→ **EXERCISE**: Your task is to restate the listing word for word without the pictures.
■ ■ ■ ■ ■ ■ ■
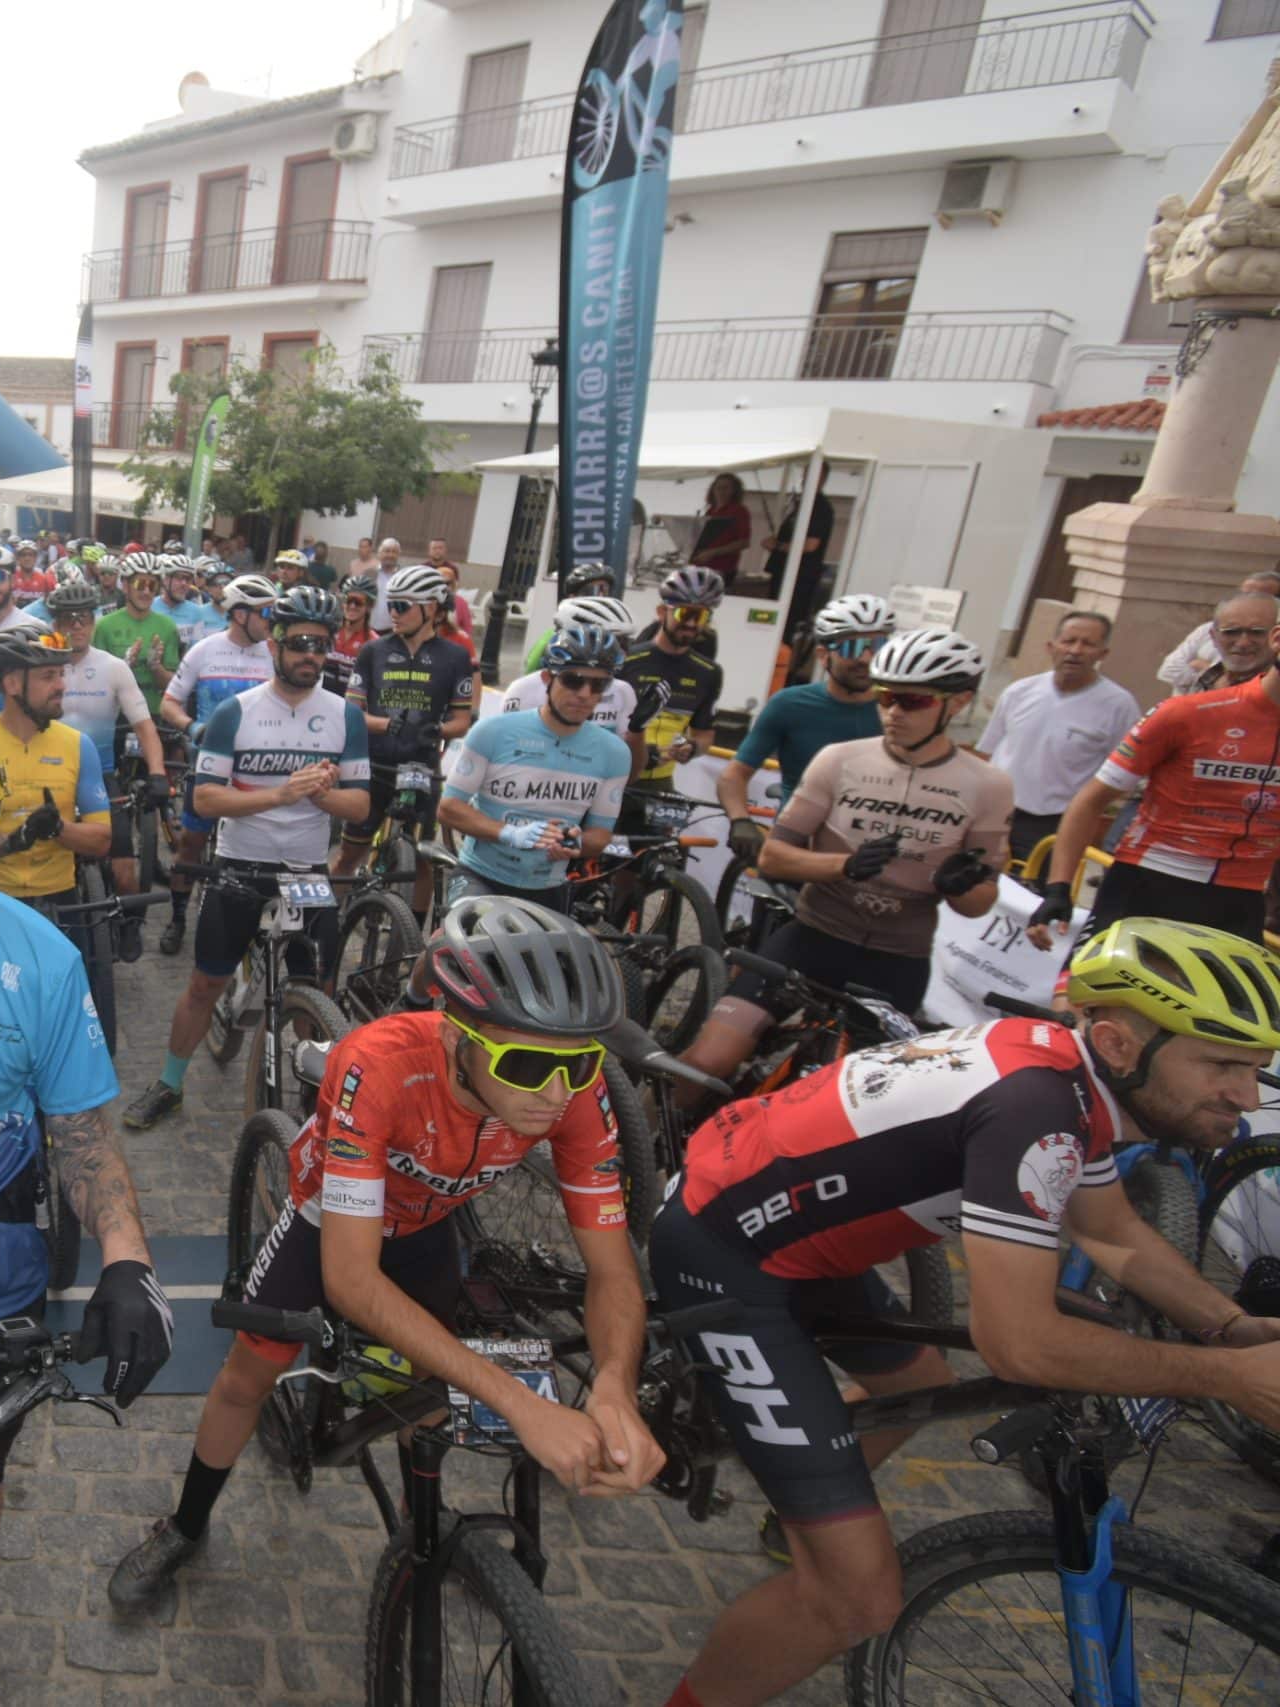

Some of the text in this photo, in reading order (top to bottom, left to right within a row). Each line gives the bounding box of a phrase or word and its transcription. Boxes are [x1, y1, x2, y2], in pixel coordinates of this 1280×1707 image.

[525, 781, 599, 801] MANILVA
[838, 794, 966, 826] HARMAN
[1116, 968, 1192, 1014] SCOTT
[736, 1172, 848, 1238] aero
[699, 1332, 810, 1446] BH
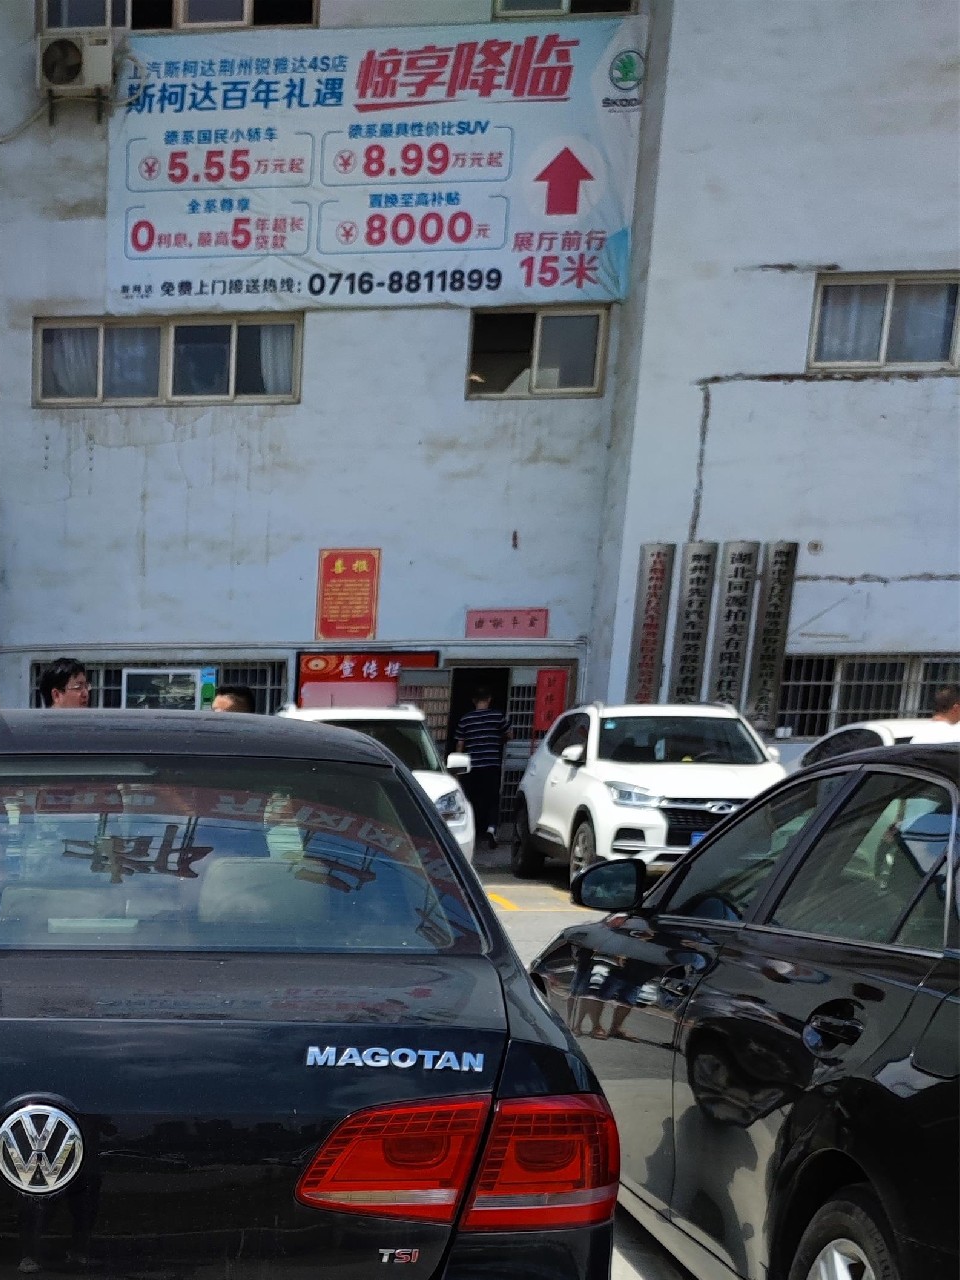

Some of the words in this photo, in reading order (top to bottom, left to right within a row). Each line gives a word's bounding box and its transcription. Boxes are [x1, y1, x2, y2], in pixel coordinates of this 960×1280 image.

[355, 33, 580, 99] 惊享降临
[127, 77, 345, 114] 斯柯达百年礼遇
[513, 230, 608, 252] 展厅前行
[520, 253, 599, 289] 15米
[306, 1046, 485, 1073] MAGOTAN
[378, 1248, 420, 1264] TSI
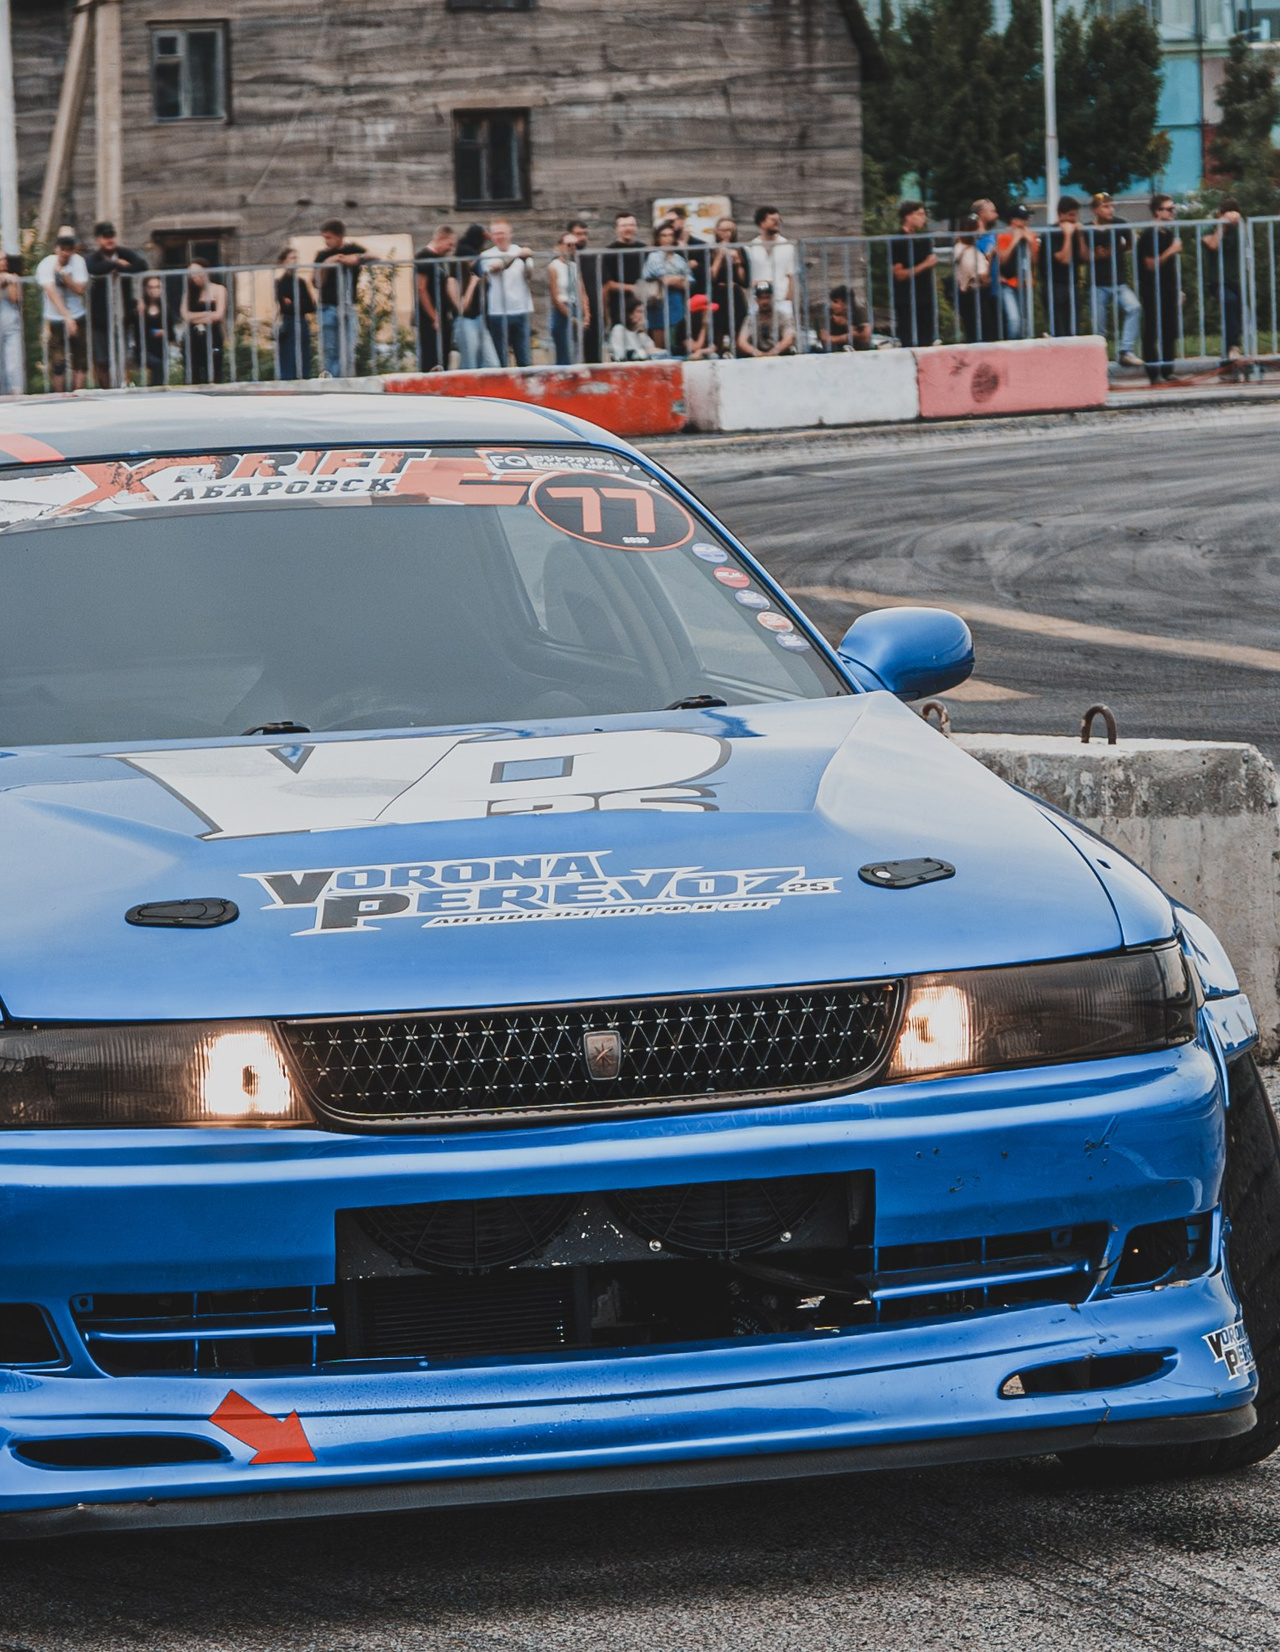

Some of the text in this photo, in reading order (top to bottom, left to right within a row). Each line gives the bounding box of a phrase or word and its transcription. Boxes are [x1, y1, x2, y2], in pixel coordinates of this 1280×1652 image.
■ ■ ■ ■ ■ ■ ■
→ **REPLY TO THE TASK**:
Some of the text in this photo, in reading order (top to bottom, left to right within a row). Each line gives the bounding box of a phrase or word and its transcription. Boxes are [x1, y1, x2, y2], in pixel coordinates of this 1280×1707 image.

[525, 781, 599, 801] MANILVA
[838, 794, 966, 826] HARMAN
[1116, 968, 1192, 1014] SCOTT
[736, 1172, 848, 1238] aero
[699, 1332, 810, 1446] BH

Some of the words in this photo, in reading order (top to bottom, left to right within a row). Each line gives a word's bounding box and its transcription. Boxes are [x1, y1, x2, y2], in pixel coordinates of this 960×1280 image.

[355, 33, 580, 99] 惊享降临
[127, 77, 345, 114] 斯柯达百年礼遇
[513, 230, 608, 252] 展厅前行
[520, 253, 599, 289] 15米
[306, 1046, 485, 1073] MAGOTAN
[378, 1248, 420, 1264] TSI

Some of the text in this photo, in reading order (top to bottom, left to right within a row). Each line gives the bounding box of a phrase or word and its transcription. Boxes are [x1, y1, x2, y2], in pixel coordinates of this 1280×1652 image.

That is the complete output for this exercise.